Una bonita historia, pensaba Roberto. Sugerente y perfecta.

En teoría.

En la práctica, ¿cómo se consigue olvidar los pensamientos, dejar que se vayan, cuando están asentados en tu cabeza como clavos que, cuanta más fuerza empleas en intentar sacarlos, más te desgarran el alma?

Luego, sin embargo, con el paso del tiempo, según progresaba la terapia y, también, gracias a los fármacos, la sugerencia había empezado a parecerle menos impracticable. Por ejemplo, cuando caminaba y se concentraba en un paso tras otro, le parecía que aquellos grumos adhesivos de sufrimiento se volvían menos tenaces y que, durante algunos momentos, hasta se disolvían y la cabeza se volvía deliciosamente libre. Sucedía lo que le había dicho el doctor y los pensamientos, aquellas entidades concretas formadas de recuerdos, recriminaciones y sueños fragmentados, se deslizaban fuera, aunque fuera solo por poco tiempo. Suficiente para comprender que era posible.
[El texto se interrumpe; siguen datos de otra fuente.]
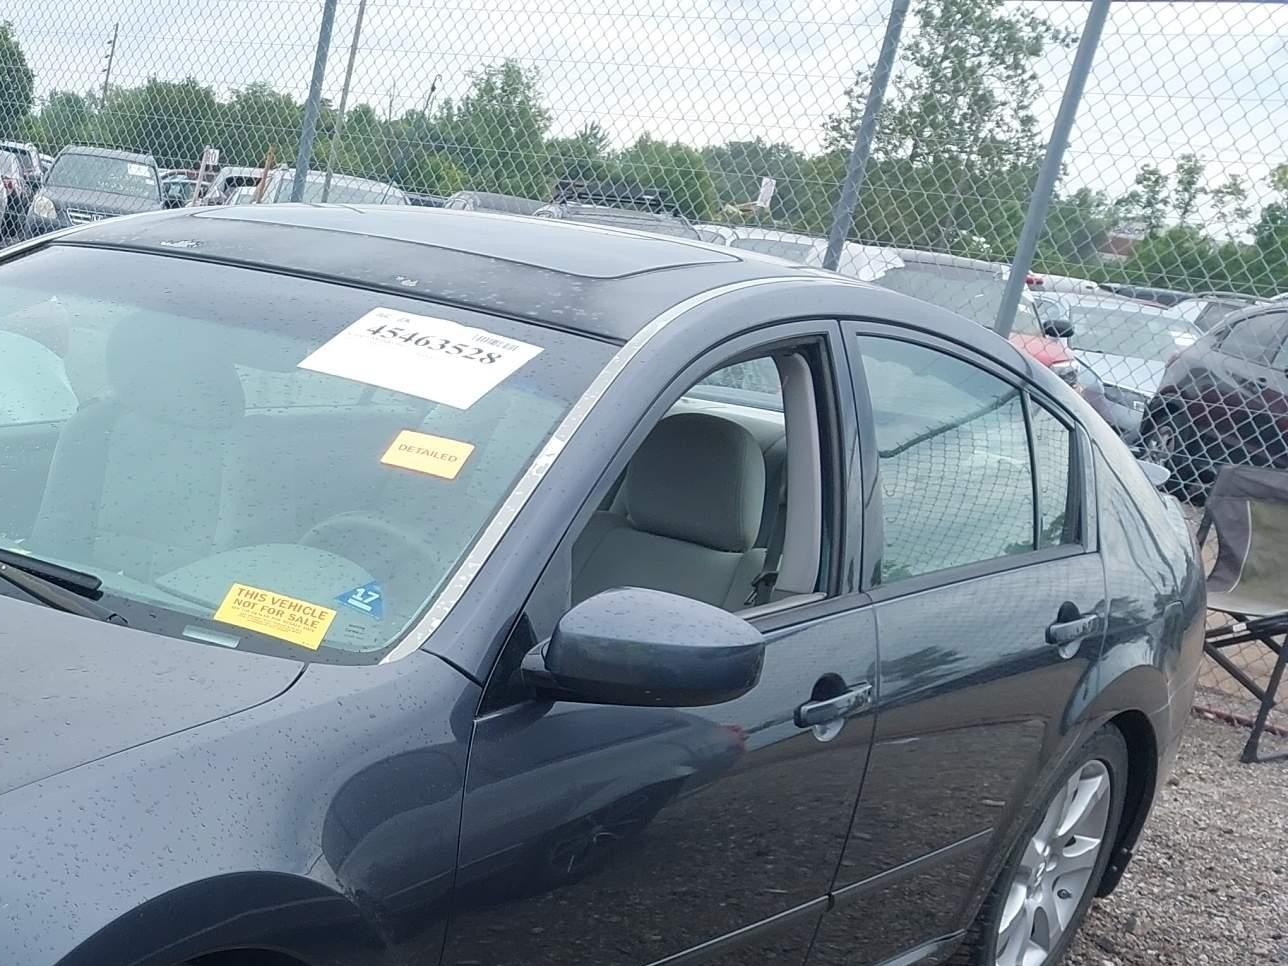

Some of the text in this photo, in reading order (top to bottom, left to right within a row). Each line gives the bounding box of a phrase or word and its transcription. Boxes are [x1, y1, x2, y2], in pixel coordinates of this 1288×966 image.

[366, 325, 502, 364] 45463528
[398, 443, 458, 463] DETAILED
[232, 598, 258, 611] NOT
[260, 604, 286, 618] FOR
[287, 612, 321, 629] SALE
[237, 588, 267, 603] THIS
[272, 598, 328, 620] VEHICLE
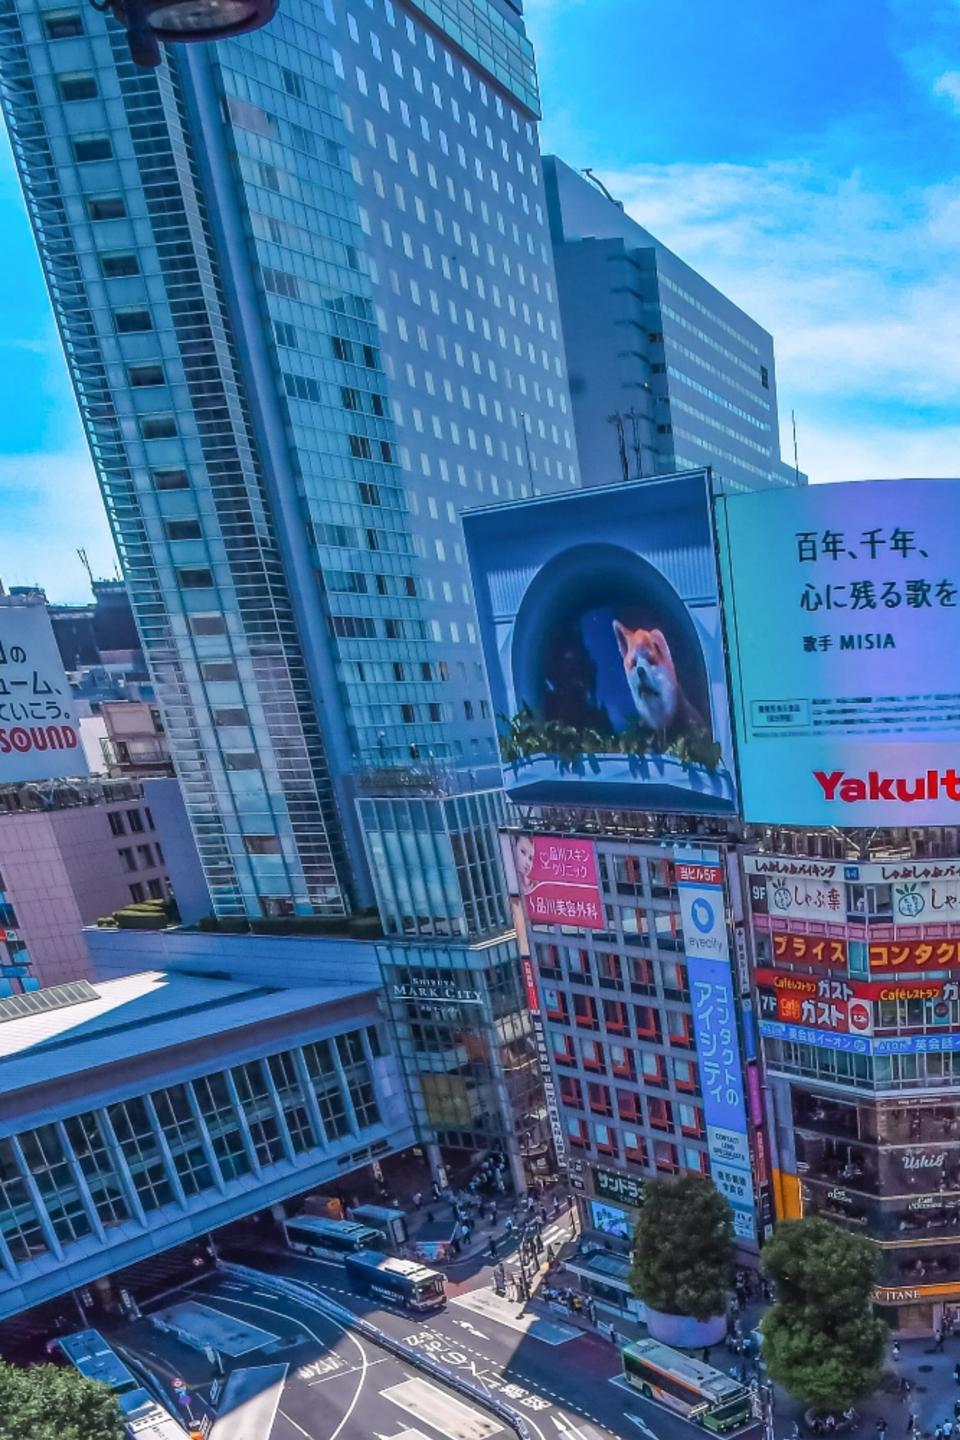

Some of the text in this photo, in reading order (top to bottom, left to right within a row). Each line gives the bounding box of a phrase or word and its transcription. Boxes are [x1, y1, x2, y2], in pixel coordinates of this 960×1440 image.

[796, 528, 929, 561] 百年、千年、
[803, 634, 896, 652] 歌手 MISIA
[752, 886, 766, 899] 9F
[794, 885, 840, 911] しゃぶ葉
[689, 937, 722, 952] eyecity
[774, 937, 846, 962] プライス
[412, 978, 455, 986] SHIBUYA
[818, 980, 853, 1001] ガスト
[393, 985, 482, 1001] MARK CITY
[761, 995, 777, 1011] 7F
[802, 999, 845, 1027] ガスト
[694, 981, 722, 1103] アイシティ
[715, 985, 739, 1106] コンタクトの
Volvió a casa y recordó que dentro de dos meses tenía que someterse al examen de control. Era la primera vez que pensaba en un posible regreso al servicio.

Era la primera vez desde que uno de sus compañeros se lo había encontrado en la oficina, por la noche, con la pistola en la boca y preguntándose si de verdad no se sentiría dolor alguno disparándose tan cerca de la cabeza. Preguntándose si se lo encontrarían cagado encima, como los muertos asesinados que él había visto, o si el miedo instintivo y fulmíneo a la muerte sería menos rápido que la bala Parabellum de nueve milímetros que le iba a atravesar el cerebro y destrozarle el cráneo.
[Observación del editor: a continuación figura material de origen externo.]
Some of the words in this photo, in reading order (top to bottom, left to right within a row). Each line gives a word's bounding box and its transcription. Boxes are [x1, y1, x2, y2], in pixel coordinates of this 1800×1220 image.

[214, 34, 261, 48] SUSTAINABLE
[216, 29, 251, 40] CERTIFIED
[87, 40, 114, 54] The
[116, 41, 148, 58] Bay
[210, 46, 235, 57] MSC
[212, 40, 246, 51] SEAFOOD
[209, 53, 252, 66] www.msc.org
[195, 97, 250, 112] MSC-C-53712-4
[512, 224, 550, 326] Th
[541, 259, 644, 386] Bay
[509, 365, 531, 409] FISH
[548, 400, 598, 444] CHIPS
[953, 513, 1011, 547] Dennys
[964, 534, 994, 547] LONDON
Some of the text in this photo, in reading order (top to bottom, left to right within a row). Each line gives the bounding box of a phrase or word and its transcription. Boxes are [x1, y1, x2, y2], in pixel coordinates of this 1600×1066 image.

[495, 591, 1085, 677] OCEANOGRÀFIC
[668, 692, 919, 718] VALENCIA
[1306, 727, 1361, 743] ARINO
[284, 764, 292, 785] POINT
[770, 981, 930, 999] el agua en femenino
Estaba muy tranquilo y muy lúcido mientras, notando el sabor del acero bruñido sobre la lengua, se preguntaba cómo sería el escenario de su suicidio.

Recordaba perfectamente la cara de aquel joven suboficial, la expresión aterrorizada propia de alguien a quien le gustaría salir corriendo en busca de ayuda pero que se da cuenta de que esa puede ser la acción equivocada. Definitivamente equivocada.

—Apártala... Vamos, sácala, por favor.

Fue precisamente eso lo que dijo, por favor, y Roberto pensó que era interesante. Por favor, no te pegues un tiro en la cabeza. Entre otras cosas, ensuciarías toda la oficina, se liaría un follón de cuidado, magistrados, periodistas, investigaciones.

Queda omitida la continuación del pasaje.